10 Tips for Making Nonprofit Healthcare Board Meetings Successful
Are your nonprofit healthcare board members complaining behind closed doors? Are they frustrated that some board members are not prepared? Do they feel like their input is being overshadowed by a few outspoken members? These are some common complaints from volunteer board members, who may be feeling that board meetings are just a waste of time.
Board member dissatisfaction is a huge barrier to your nonprofit healthcare board’s work. How do you turn boring, routine meetings into meetings that are successful and productive? Here are ten tips to help make it happen:
1. Productive Agenda: Timely and Balanced
Copying and pasting an agenda from the prior meeting and making a few additions and deletions is a time-saver, but it’s also one that can carry some risk if you get into the habit of not reviewing the agenda line by line. The biggest risk in forming a hastily planned agenda is overlooking critical topics.
Balance the agenda by mixing some of the heavier items with lighter topics. If you know that a topic is going to be heavy or laden with controversy, mix it up with some breaks or follow it with something more pleasant. Improve the mood with a short team-building exercise or share some uplifting news.
2. Consent Agenda: Use It But Don’t Abuse It
A consent agenda is a useful tool for addressing routine items, but some of them may require vetting and discussion. The board should have the chance to discuss and review every item on the agenda. The secretary and the board chair should review all agenda items to be sure they are current and each is given the priority it requires.
Make sure board members get materials for items on the consent agenda ahead of time. Allow members to pull an item out of the consent agenda if they wish to discuss it.

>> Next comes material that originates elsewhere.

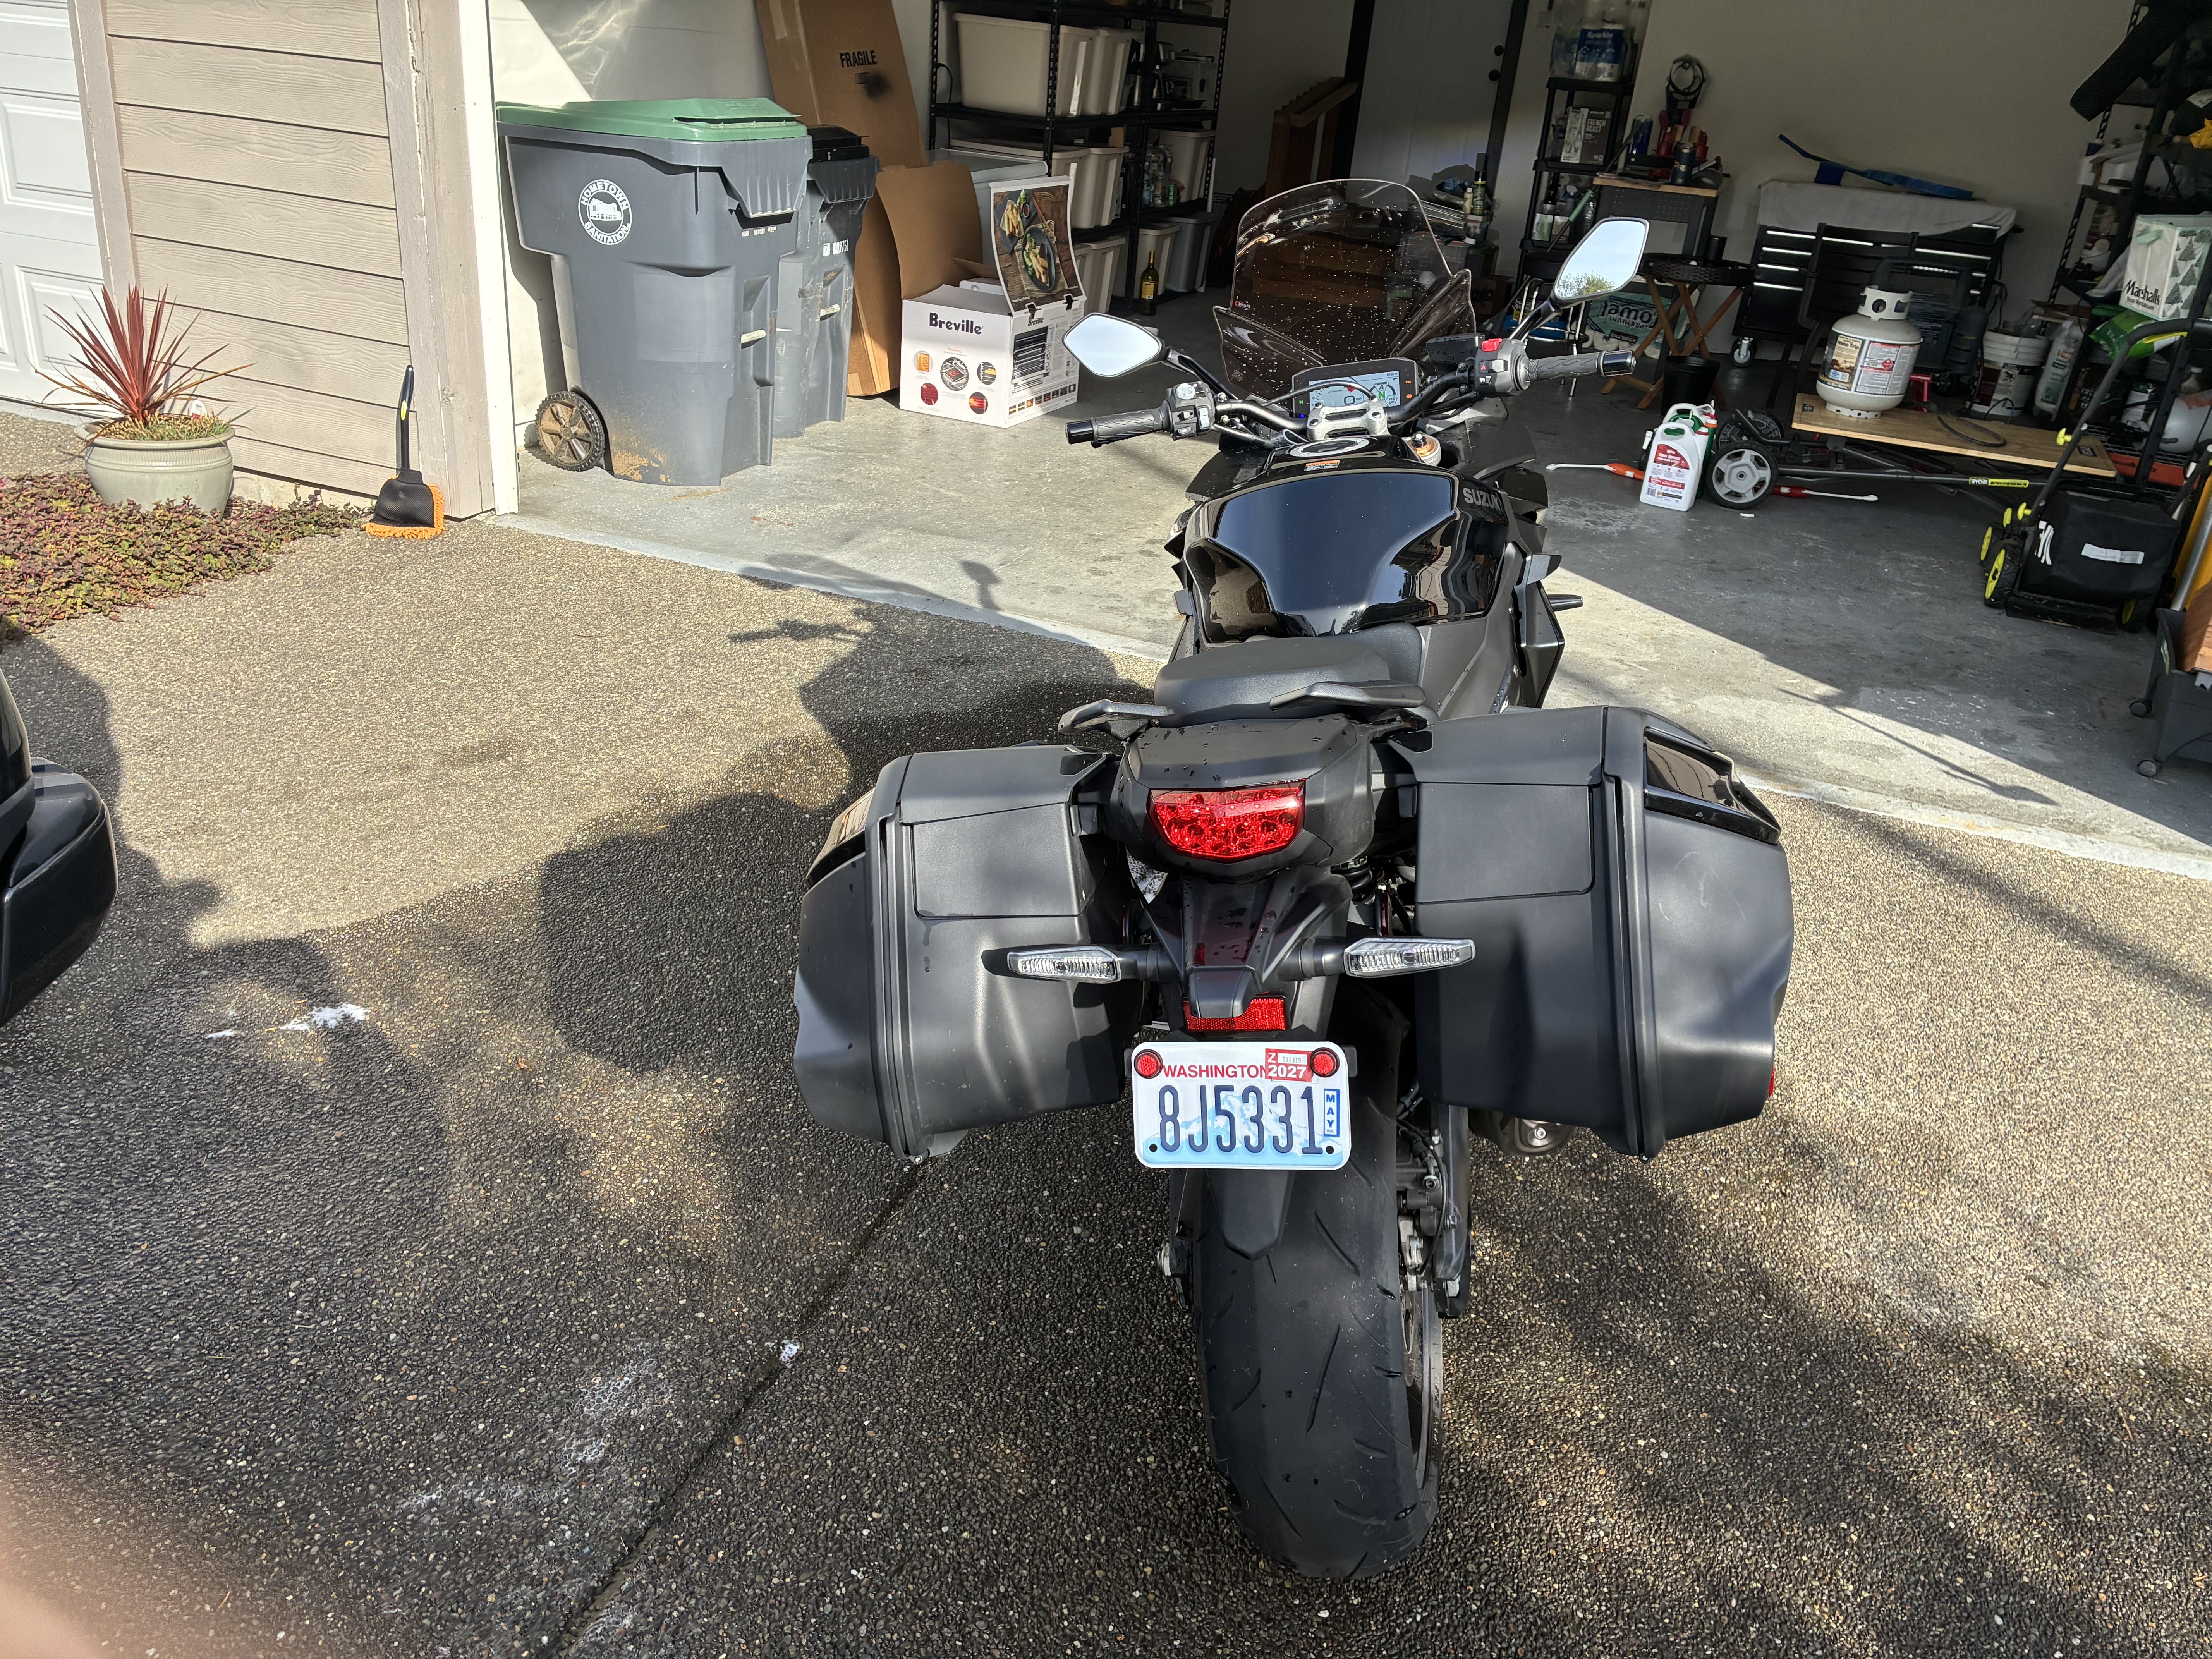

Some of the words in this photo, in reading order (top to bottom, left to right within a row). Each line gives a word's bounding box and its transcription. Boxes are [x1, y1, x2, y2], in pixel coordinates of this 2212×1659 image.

3. Preparation Is Key: All Eyes on the Chair and Secretary
In the eyes of the board members, if the secretary and chair don’t put in the time to adequately prepare for the board meeting by getting materials to them early, it sets the stage for the rest of the board to do just as little. In fact, they may not bother to show up at all.
Another misstep is surprising board members with a lengthy proposal or controversial item that they were not prepared for. Boards do their best work when they’ve had time to mentally and emotionally prepare for whatever the agenda holds.
Download the Board Effectiveness Checklist to identify areas of improvement and apply best practices for a more effective, productive and successful board.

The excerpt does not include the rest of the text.